Extracted records
----------

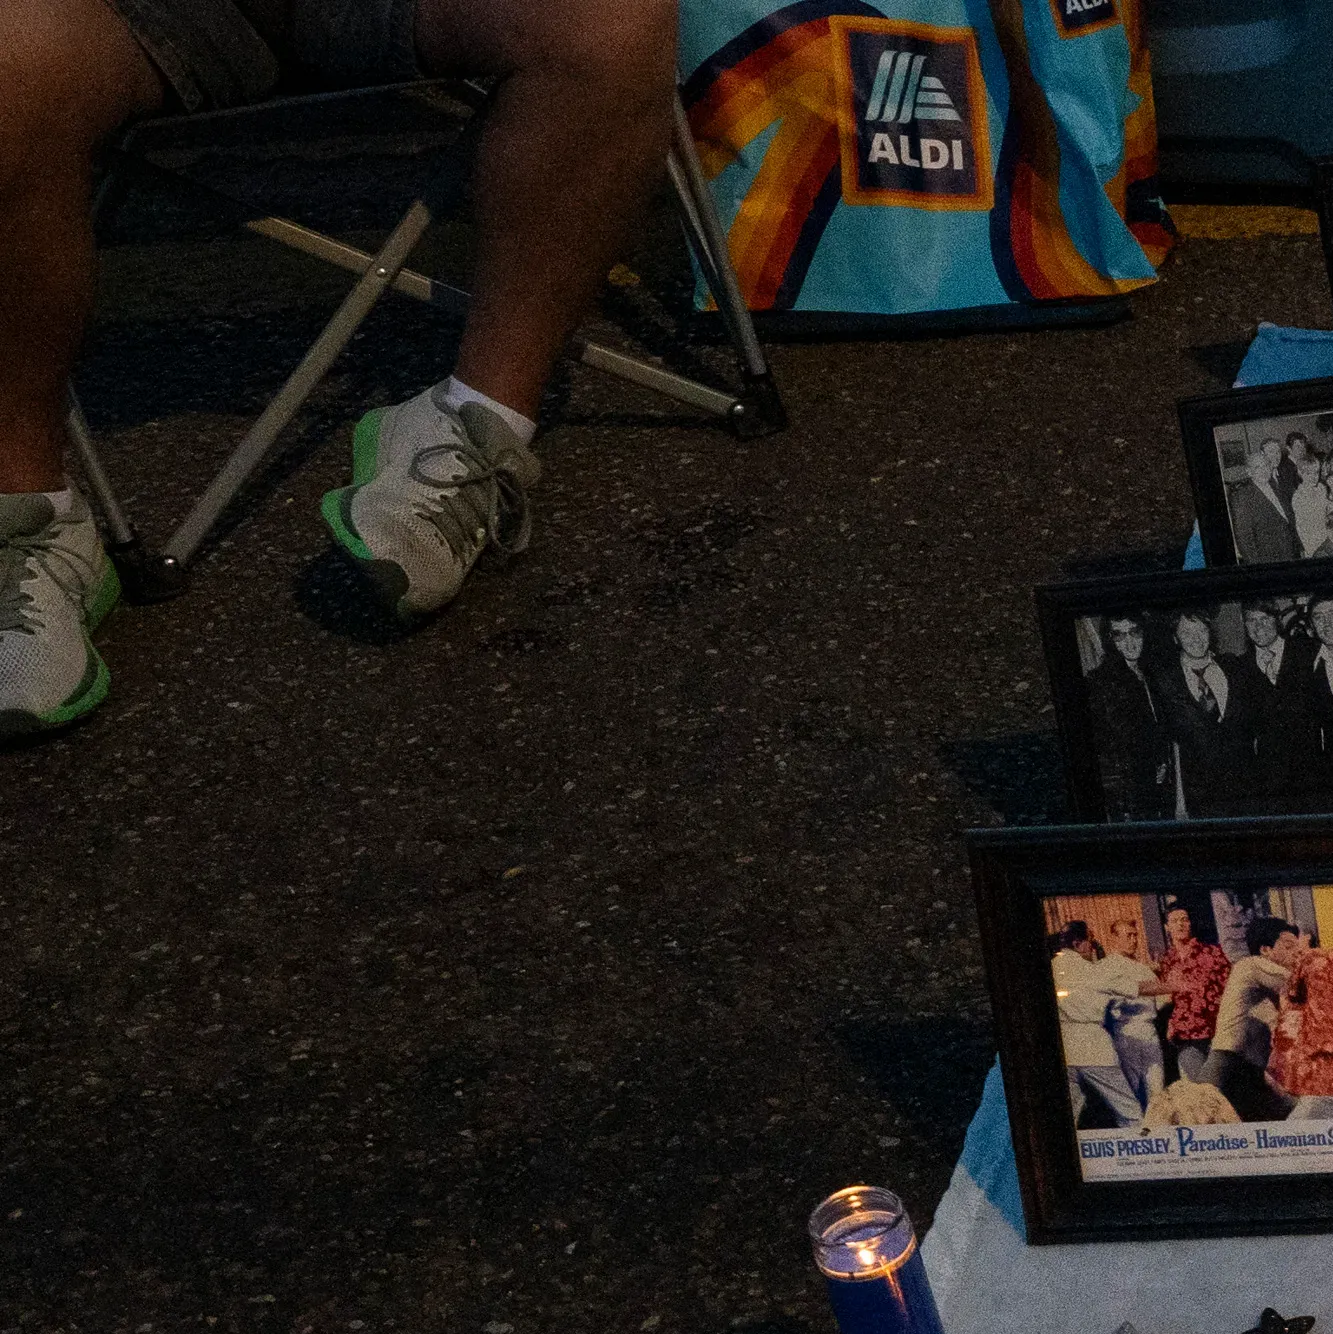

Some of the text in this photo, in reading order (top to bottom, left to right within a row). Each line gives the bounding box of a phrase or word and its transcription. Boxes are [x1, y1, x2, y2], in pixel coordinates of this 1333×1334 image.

[868, 133, 964, 170] ALDI
[1080, 1140, 1115, 1159] ELVIS
[1176, 1126, 1248, 1157] Paradise
[1255, 1129, 1328, 1149] Hawaiian
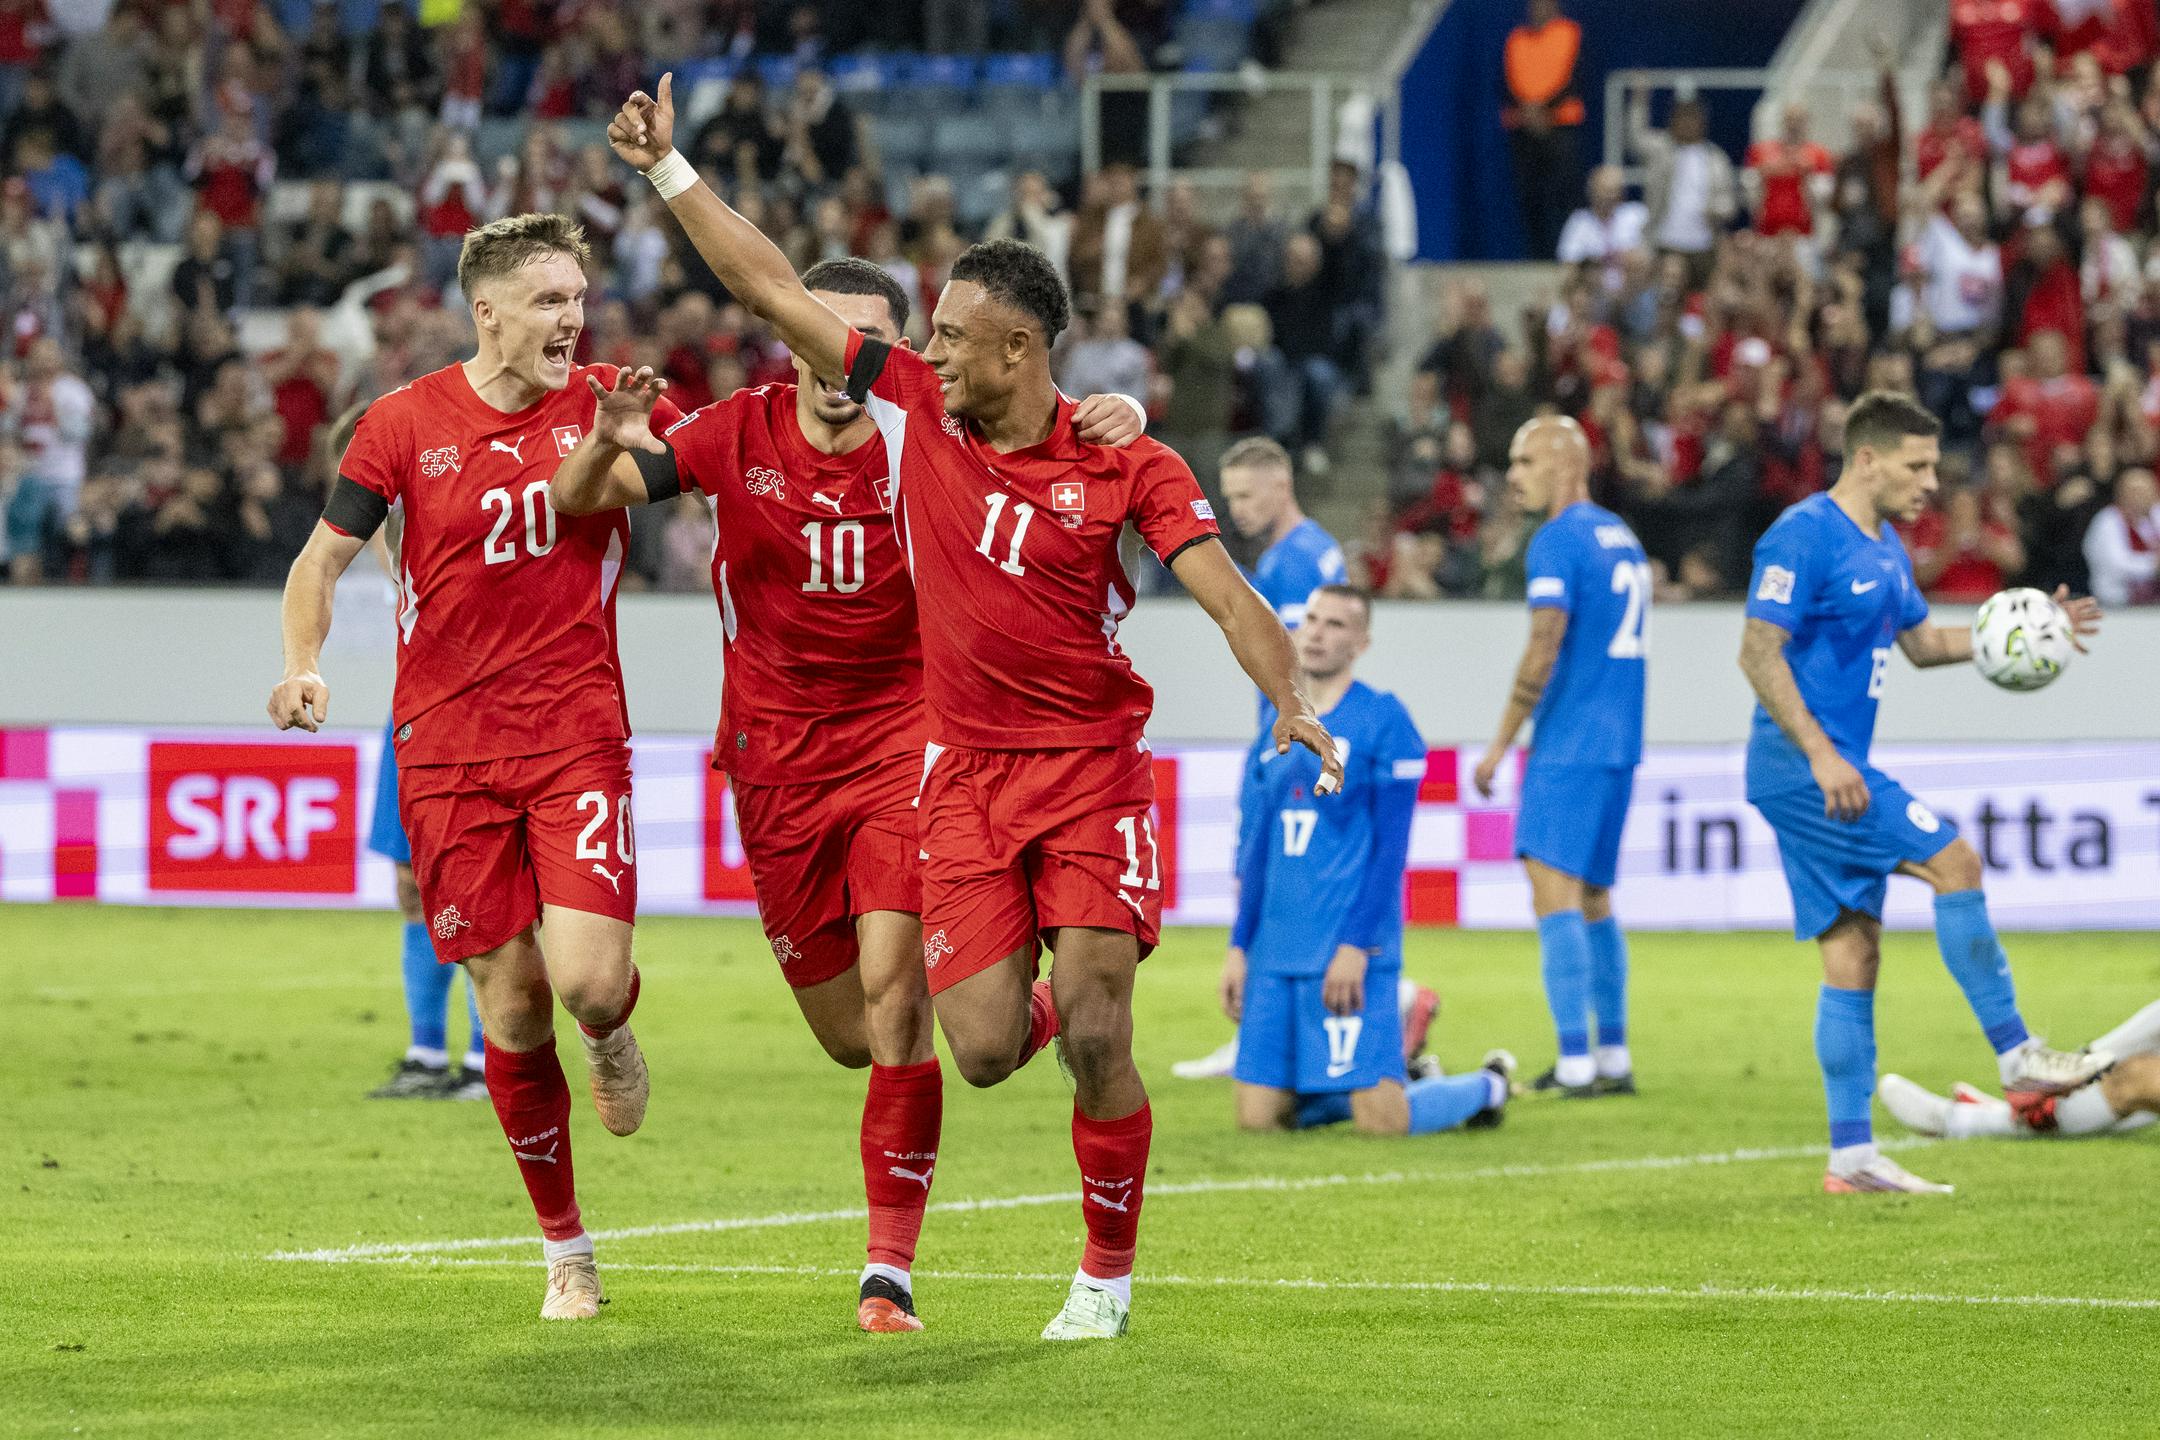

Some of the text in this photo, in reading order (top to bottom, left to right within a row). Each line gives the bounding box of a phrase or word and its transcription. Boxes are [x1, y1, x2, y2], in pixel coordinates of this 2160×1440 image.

[481, 480, 556, 565] 20
[800, 520, 865, 593] 10
[976, 492, 1034, 577] 11
[166, 774, 341, 861] SRF
[576, 791, 634, 865] 20
[1114, 816, 1160, 890] 11
[1280, 809, 1318, 856] 17
[1665, 790, 2113, 871] in tta
[1323, 1016, 1363, 1065] 17
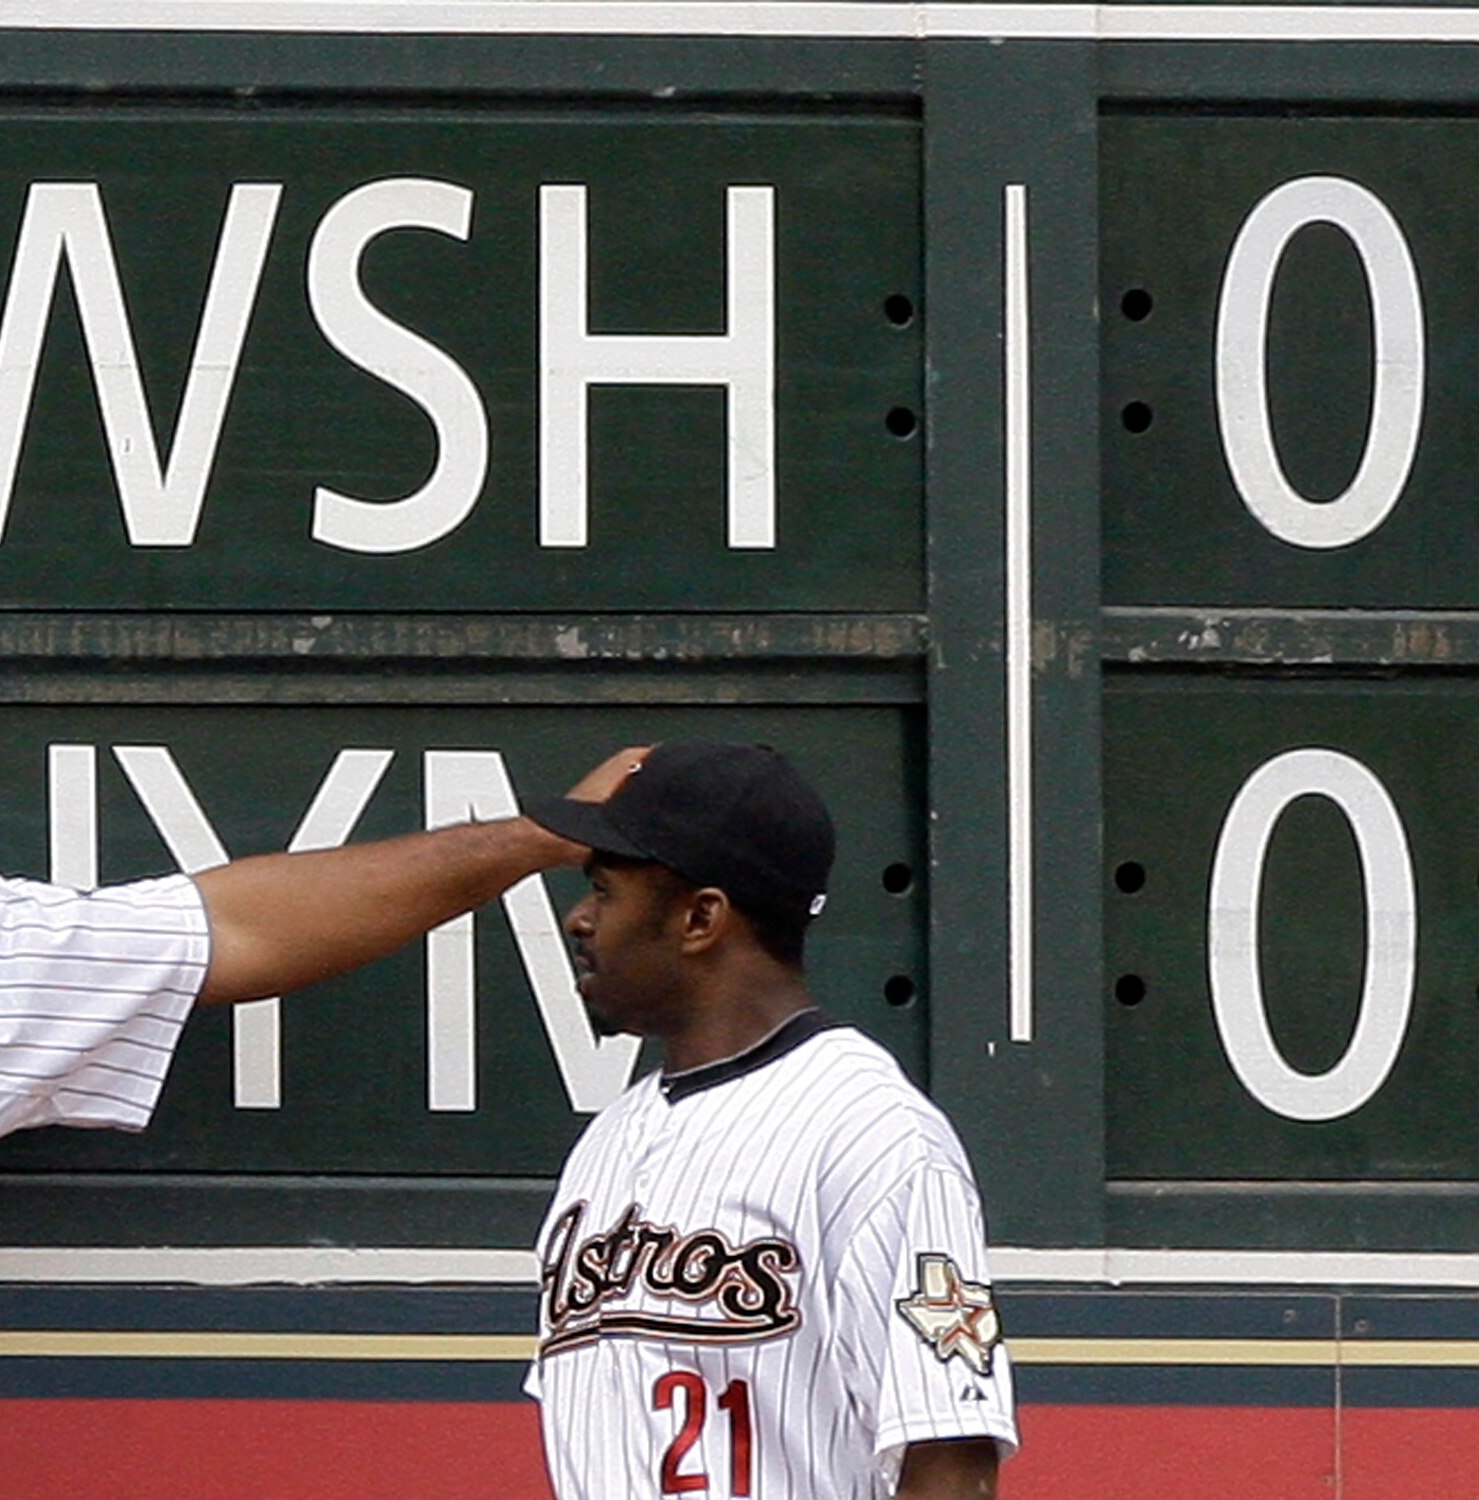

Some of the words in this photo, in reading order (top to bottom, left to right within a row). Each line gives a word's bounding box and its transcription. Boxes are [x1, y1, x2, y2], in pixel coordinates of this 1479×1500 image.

[1215, 175, 1425, 550] 0
[1207, 747, 1417, 1121] 0
[538, 1199, 804, 1357] Astros
[652, 1370, 752, 1498] 21

----------

Activity =
Please reproduce the entries above line by line, exactly, leaving out each image.

Answer box =
Some of the text in this photo, in reading order (top to bottom, left to right within a row). Each line gives the bounding box of a phrase or word and its transcription. Boxes are [x1, y1, x2, y2], in pixel coordinates of this 1333×1334 image.

[868, 133, 964, 170] ALDI
[1080, 1140, 1115, 1159] ELVIS
[1176, 1126, 1248, 1157] Paradise
[1255, 1129, 1328, 1149] Hawaiian

Some of the text in this photo, in reading order (top to bottom, left to right within a row). Each line gives the bounding box of a phrase or word and its transcription. Boxes are [x1, y1, x2, y2], in pixel coordinates of this 2160×1440 image.

[481, 480, 556, 565] 20
[800, 520, 865, 593] 10
[976, 492, 1034, 577] 11
[166, 774, 341, 861] SRF
[576, 791, 634, 865] 20
[1114, 816, 1160, 890] 11
[1280, 809, 1318, 856] 17
[1665, 790, 2113, 871] in tta
[1323, 1016, 1363, 1065] 17

Some of the words in this photo, in reading order (top to bottom, left to right within a row). Each line gives a word's bounding box and its transcription. Boxes are [x1, y1, x2, y2], in pixel coordinates of this 1479×1500 image.

[1215, 175, 1425, 550] 0
[1207, 747, 1417, 1121] 0
[538, 1199, 804, 1357] Astros
[652, 1370, 752, 1498] 21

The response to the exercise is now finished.